Travailler – Revue internationale de Psychopathologie et de Psychodynamique du Travail |
Travailler : pourquoi ce titre ? Travail, activité, emploi, profession, qualification…, tous ces termes ont des connotations disciplinaires et conceptuelles spécifiques qui suscitent des controverses sur le sens qu’il convient de donner au terme de travail. Controverses d’un grand intérêt qui montrent toutefois qu’aucune définition de la notion de travail ne saurait faire, actuellement, consensus. Pour certains auteurs, le travail serait une construction sociale récente datant du début ou du milieu du XIXème siècle. Pour d’autres, le travail n’aurait fait son apparition qu’avec le protestantisme et la Réforme… Pour d’autres encore, le travail serait même en voie de disparition ! Laissons ces débats et saisissons-nous d’une réalité indiscutable : travailler.
Qu’il s’agisse d’une activité salariée ou bénévole, domestique ou professionnelle, de manoeuvre ou de cadre, du public ou du privé, industrielle ou de service, d’agriculture ou de commerce… travailler, c’est mobiliser son corps, son intelligence, sa personne pour une production ayant valeur d’usage.
Que travailler puisse générer le pire ou le meilleur, tout le monde en conviendra. Que souffrir, en revanche, puisse avoir des incidences favorables est plus difficilement acceptable. Pourtant, contrairement à ce que suggère le sens commun, la souffrance n’est pas seulement le point d’aboutissement d’un enchaînement malheureux dont il ne resterait qu’à déplorer les conséquences fâcheuses. La souffrance est aussi, pour le clinicien du travail, un point de départ, une origine : l’origine de tout mouvement vers le monde, de toute expérience du monde.
Il suffit que cette souffrance soit éprouvée pour qu’elle appelle, en quelque sorte, à son dépassement. Comment ? Par le travail précisément ! La souffrance comme protention vers le monde est foncièrement protention du sujet à « travailler ». Dans l’après-coup, celui de la contemplation des résultats du travail accompli, s’esquisse le dépassement de la souffrance et sa transformation en sentiment de satisfaction, de plénitude voire d’euphorie. Le plaisir au travail est consubstantiellement lié à la réussite du processus de subjectivation, de renforcement de l’identité, ou encore de l’accomplissement de soi, dont travailler a été l’occasion.
Nombreuses sont les situations de travail grâce auxquelles les hommes et les femmes se portent mieux que lorsqu’ils sont privés de ce travail. Alors, comment expliquer que la psychodynamique du travail se soit fait connaître, avant tout, par la description des destins funestes de la souffrance, par celle des stratégies de défense, de l’aliénation et de la pathologie mentale ? C’est que le travail n’est accessible, concrètement, que dans un rapport social où s’exerce la domination. Le pouvoir mutatif du travail sur la souffrance, sur l’accroissement de la subjectivité, sur le plaisir et la santé, peut être neutralisé. Voire inversé en son contraire et ne générer que davantage de souffrance, comme, par exemple, dans le travail répétitif sous contrainte de temps.

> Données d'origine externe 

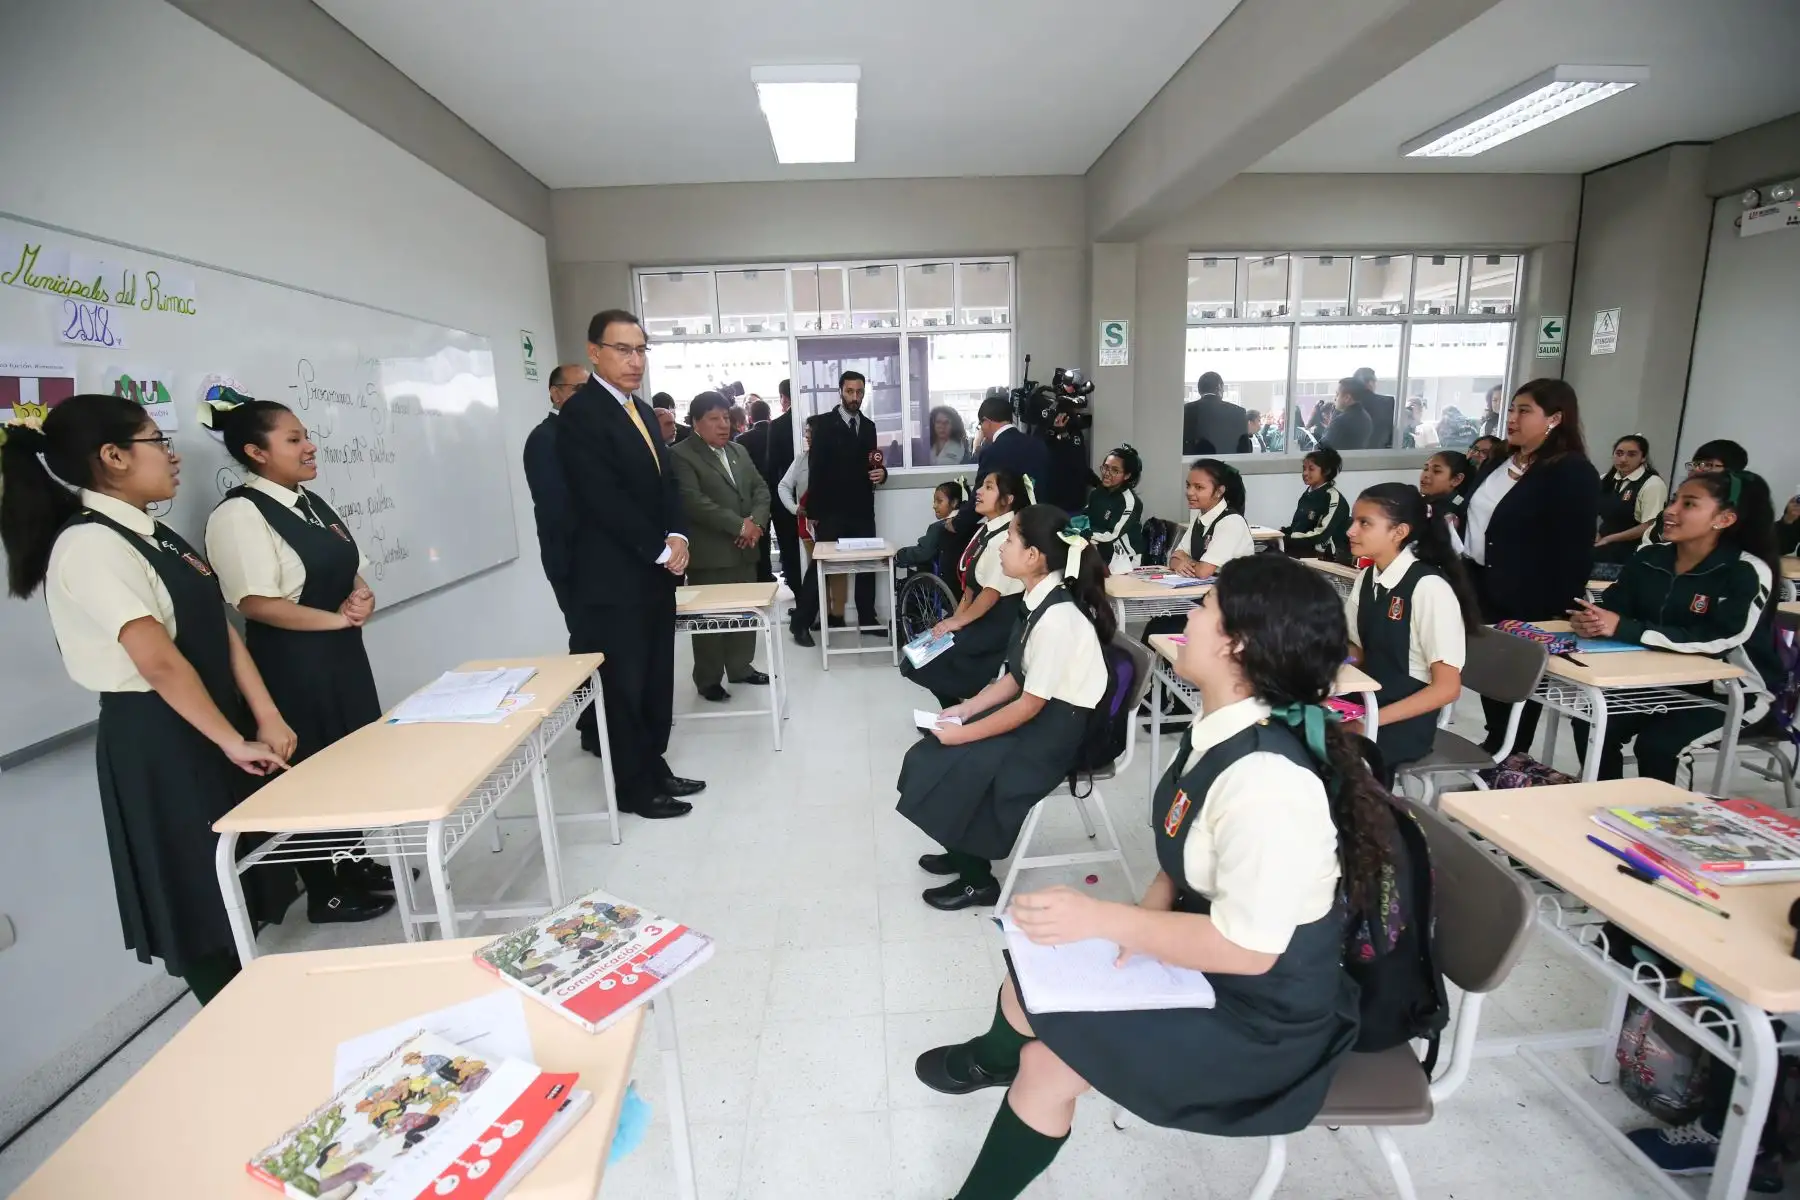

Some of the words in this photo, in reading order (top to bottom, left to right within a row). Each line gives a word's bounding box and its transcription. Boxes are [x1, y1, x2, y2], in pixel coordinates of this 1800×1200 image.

Il est possible de ployer et de s’incliner devant la domination dont l’organisation du travail est un enjeu, ou de ruser et de résister. Que notre liberté, notre responsabilité et notre volonté soient engagées dans le destin du rapport au travail est incontestable. Pour pouvoir assumer ce que cela implique dans le registre de l’action, nous devons développer des instruments conceptuels et un appareillage théorique permettant d’analyser ce qui fait qu’une organisation du travail est favorable à l’avènement du sujet ou au contraire ce qui la rend foncièrement délétère et désubjectivante, ou encore, aliénante.
Se donner pour but la suppression de la souffrance humaine, c’est formuler un objectif impossible à atteindre et s’engager dans une action irrationnelle. En revanche, se battre pour un compromis de qualité entre travail et santé est, par exemple, un objectif accessible et rationnel. Déterminer si un objectif est chimérique ou réaliste, ne va pas de soi. C’est pourquoi agir ne consiste pas qu’à prendre des décisions. Agir suppose de prendre le temps de réfléchir et d’étudier.
Travailler se veut une revue au service de la délibération, ouverte aux débats, mais fermement argumentée du point de vue théorique. L’éventail des articles est donc large puisque sont publiées des contributions émanant de toutes les branches des sciences humaines aussi bien que des sciences de l’ingénieur ou des sciences médico-biologiques, dans la mesure où, traitant du travail ou de l’action, elles n’assignent pas à la souffrance et au sujet qu’un statut d’accessoire décoratif, mais leur accordent une place significative, étayée à des références explicitement situées.